Images for object localization
-=-=-
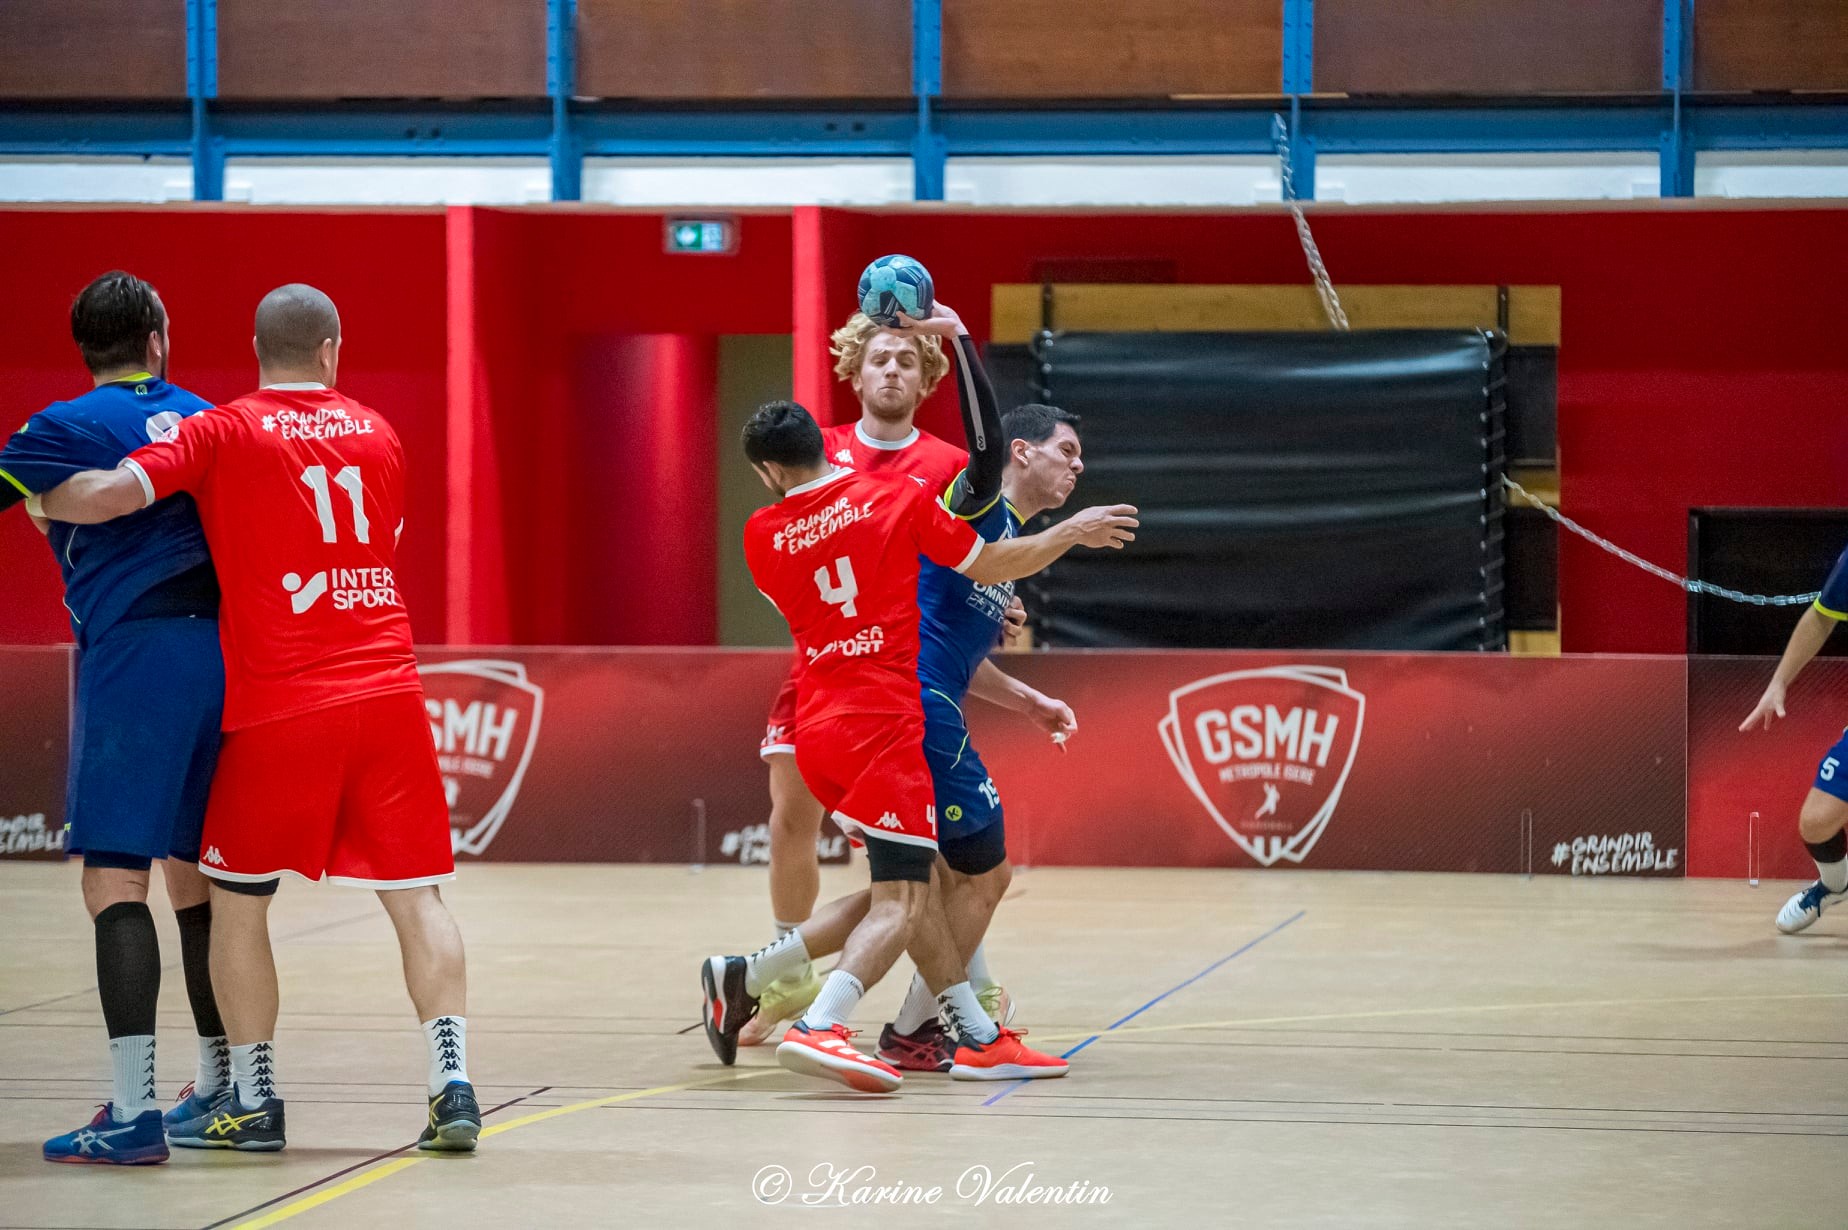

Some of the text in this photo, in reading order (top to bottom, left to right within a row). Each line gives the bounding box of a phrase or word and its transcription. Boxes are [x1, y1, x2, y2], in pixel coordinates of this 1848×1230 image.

[281, 419, 374, 441] ENSEMBLE
[300, 464, 370, 544] 11
[788, 501, 874, 555] ENSEMBLE
[331, 567, 395, 589] INTER
[813, 555, 859, 618] 4
[1195, 704, 1340, 768] GSMH
[1820, 756, 1841, 781] 5
[1571, 848, 1678, 876] ENSEMBLE
-=-=-
What you will do: Would you please repeat each record exactly? Leave the pictures out.

Reply to the exercise:
Some of the text in this photo, in reading order (top to bottom, left to right within a row). Each line gives the bounding box of a phrase or word and its transcription. Boxes are [x1, y1, x2, y2], in pixel coordinates of this 1848×1230 image.

[281, 419, 374, 441] ENSEMBLE
[300, 464, 370, 544] 11
[788, 501, 874, 555] ENSEMBLE
[331, 567, 395, 589] INTER
[813, 555, 859, 618] 4
[1195, 704, 1340, 768] GSMH
[1820, 756, 1841, 781] 5
[1571, 848, 1678, 876] ENSEMBLE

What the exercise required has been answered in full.